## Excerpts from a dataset
[Start of section]

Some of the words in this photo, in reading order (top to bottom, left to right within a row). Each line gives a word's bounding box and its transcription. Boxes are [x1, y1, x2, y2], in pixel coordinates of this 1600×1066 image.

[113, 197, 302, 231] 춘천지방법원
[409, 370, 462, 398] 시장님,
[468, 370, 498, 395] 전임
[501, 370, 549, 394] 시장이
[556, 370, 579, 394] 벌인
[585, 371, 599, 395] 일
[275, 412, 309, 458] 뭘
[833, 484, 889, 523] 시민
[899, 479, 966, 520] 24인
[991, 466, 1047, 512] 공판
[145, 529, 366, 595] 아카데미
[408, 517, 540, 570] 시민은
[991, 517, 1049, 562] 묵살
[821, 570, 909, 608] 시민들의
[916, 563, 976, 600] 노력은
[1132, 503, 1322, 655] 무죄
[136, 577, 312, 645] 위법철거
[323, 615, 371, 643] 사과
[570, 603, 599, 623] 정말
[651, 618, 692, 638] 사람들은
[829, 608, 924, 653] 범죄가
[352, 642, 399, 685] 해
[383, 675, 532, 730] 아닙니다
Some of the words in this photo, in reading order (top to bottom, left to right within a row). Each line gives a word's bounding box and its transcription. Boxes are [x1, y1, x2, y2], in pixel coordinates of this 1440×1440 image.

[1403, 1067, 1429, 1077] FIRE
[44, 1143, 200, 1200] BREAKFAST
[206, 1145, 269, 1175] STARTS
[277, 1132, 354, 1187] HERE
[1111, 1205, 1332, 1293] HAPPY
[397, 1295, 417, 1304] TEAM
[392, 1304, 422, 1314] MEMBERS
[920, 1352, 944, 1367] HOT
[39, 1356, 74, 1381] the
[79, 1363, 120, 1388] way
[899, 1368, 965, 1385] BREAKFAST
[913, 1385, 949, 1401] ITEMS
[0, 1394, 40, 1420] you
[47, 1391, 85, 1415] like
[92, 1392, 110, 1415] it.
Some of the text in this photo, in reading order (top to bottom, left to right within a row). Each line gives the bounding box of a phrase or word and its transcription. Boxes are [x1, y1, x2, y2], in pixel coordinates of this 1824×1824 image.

[End of section]

## What you are asked to do
Write out each entry again, word for word.

## Solution to the exercise
Some of the words in this photo, in reading order (top to bottom, left to right within a row). Each line gives a word's bounding box and its transcription. Boxes are [x1, y1, x2, y2], in pixel coordinates of this 1600×1066 image.

[113, 197, 302, 231] 춘천지방법원
[409, 370, 462, 398] 시장님,
[468, 370, 498, 395] 전임
[501, 370, 549, 394] 시장이
[556, 370, 579, 394] 벌인
[585, 371, 599, 395] 일
[275, 412, 309, 458] 뭘
[833, 484, 889, 523] 시민
[899, 479, 966, 520] 24인
[991, 466, 1047, 512] 공판
[145, 529, 366, 595] 아카데미
[408, 517, 540, 570] 시민은
[991, 517, 1049, 562] 묵살
[821, 570, 909, 608] 시민들의
[916, 563, 976, 600] 노력은
[1132, 503, 1322, 655] 무죄
[136, 577, 312, 645] 위법철거
[323, 615, 371, 643] 사과
[570, 603, 599, 623] 정말
[651, 618, 692, 638] 사람들은
[829, 608, 924, 653] 범죄가
[352, 642, 399, 685] 해
[383, 675, 532, 730] 아닙니다
Some of the words in this photo, in reading order (top to bottom, left to right within a row). Each line gives a word's bounding box and its transcription. Boxes are [x1, y1, x2, y2], in pixel coordinates of this 1440×1440 image.

[1403, 1067, 1429, 1077] FIRE
[44, 1143, 200, 1200] BREAKFAST
[206, 1145, 269, 1175] STARTS
[277, 1132, 354, 1187] HERE
[1111, 1205, 1332, 1293] HAPPY
[397, 1295, 417, 1304] TEAM
[392, 1304, 422, 1314] MEMBERS
[920, 1352, 944, 1367] HOT
[39, 1356, 74, 1381] the
[79, 1363, 120, 1388] way
[899, 1368, 965, 1385] BREAKFAST
[913, 1385, 949, 1401] ITEMS
[0, 1394, 40, 1420] you
[47, 1391, 85, 1415] like
[92, 1392, 110, 1415] it.
Some of the text in this photo, in reading order (top to bottom, left to right within a row). Each line gives the bounding box of a phrase or word and its transcription. Boxes are [x1, y1, x2, y2], in pixel coordinates of this 1824×1824 image.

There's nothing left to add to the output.